How to complete this task: Omit every picture while repeating the entries exactly.

Records for the exercise:
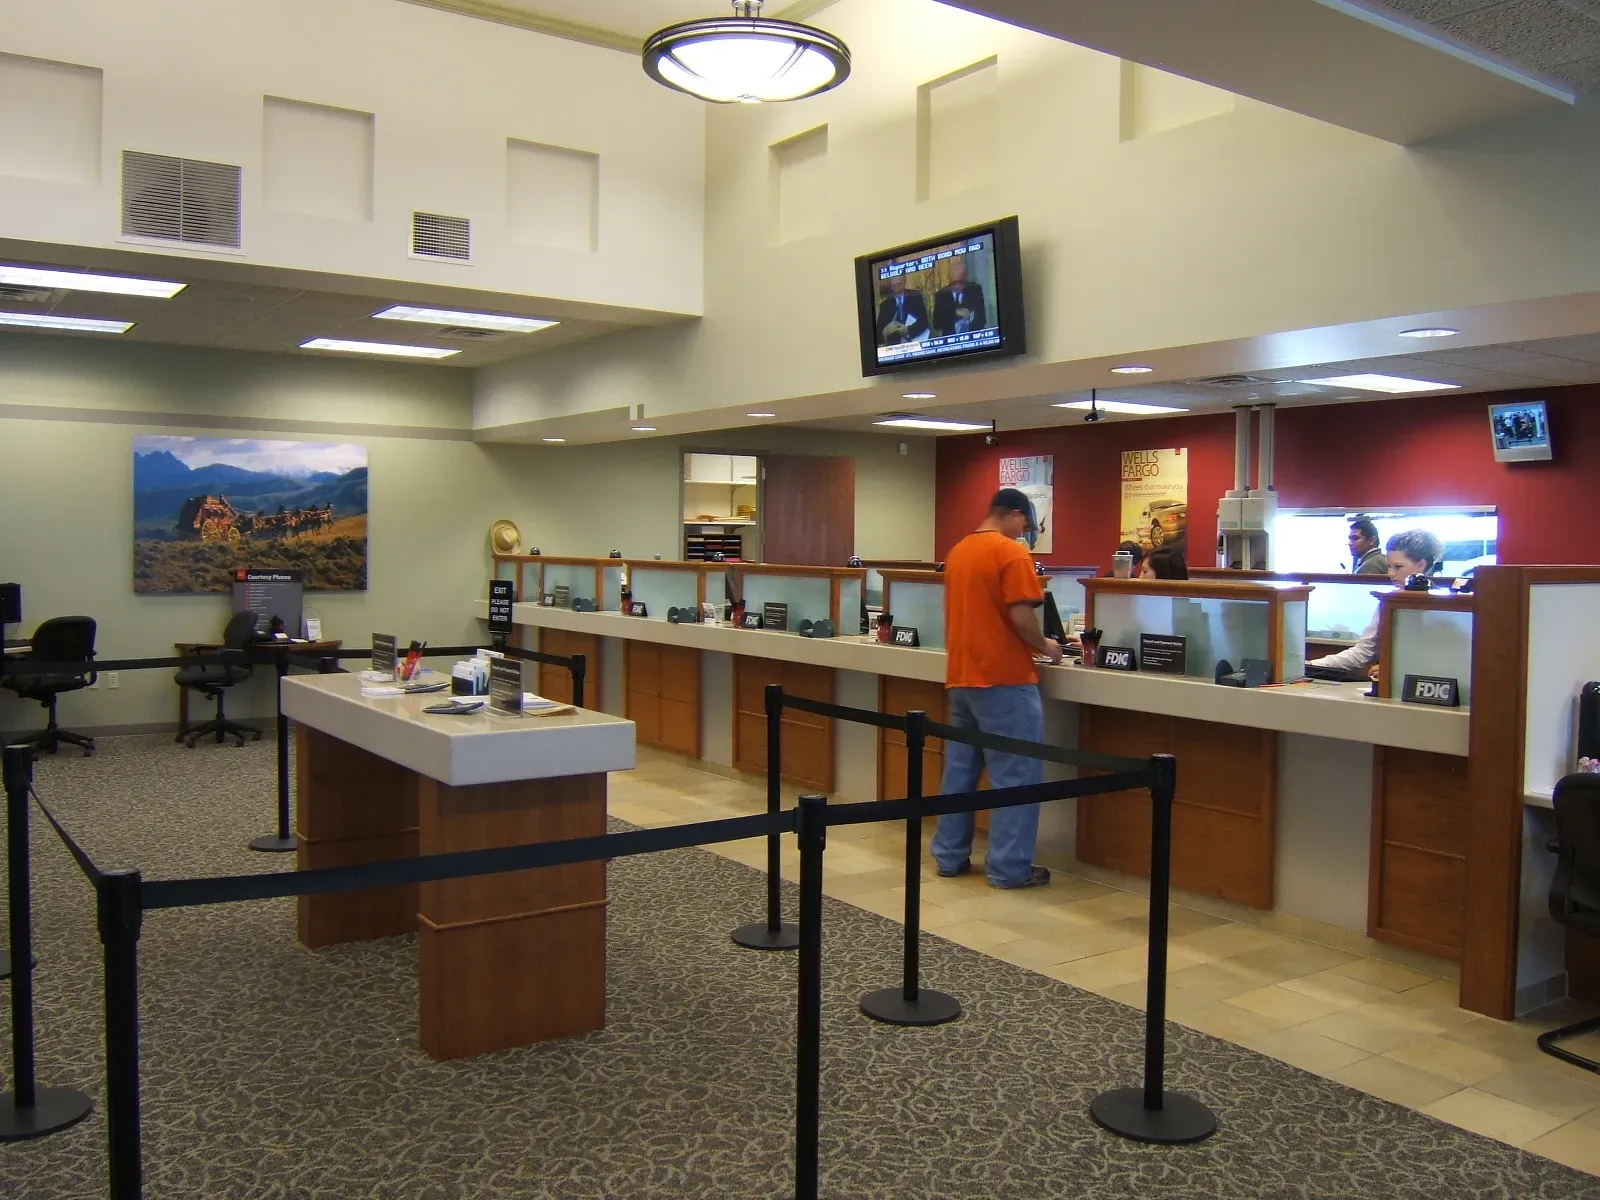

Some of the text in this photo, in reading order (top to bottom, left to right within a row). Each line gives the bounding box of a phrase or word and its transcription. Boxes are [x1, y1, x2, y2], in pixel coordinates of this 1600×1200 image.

[889, 260, 919, 271] Reporter:
[1123, 451, 1159, 465] WELLS
[1000, 458, 1029, 471] WELLS
[1000, 470, 1031, 482] FARGO
[1123, 464, 1159, 478] FARGO
[1171, 484, 1183, 492] you
[493, 586, 507, 594] EXIT
[491, 598, 510, 606] PLEASE
[745, 615, 759, 626] FDIC
[895, 631, 914, 643] FDIC
[1105, 652, 1129, 666] FDIC
[1415, 682, 1450, 699] FDIC

Problem solution:
Some of the text in this photo, in reading order (top to bottom, left to right within a row). Each line gives the bounding box of a phrase or word and its transcription. Boxes are [x1, y1, x2, y2], in pixel coordinates of this 1600×1200 image.

[889, 260, 919, 271] Reporter:
[1123, 451, 1159, 465] WELLS
[1000, 458, 1029, 471] WELLS
[1000, 470, 1031, 482] FARGO
[1123, 464, 1159, 478] FARGO
[1171, 484, 1183, 492] you
[493, 586, 507, 594] EXIT
[491, 598, 510, 606] PLEASE
[745, 615, 759, 626] FDIC
[895, 631, 914, 643] FDIC
[1105, 652, 1129, 666] FDIC
[1415, 682, 1450, 699] FDIC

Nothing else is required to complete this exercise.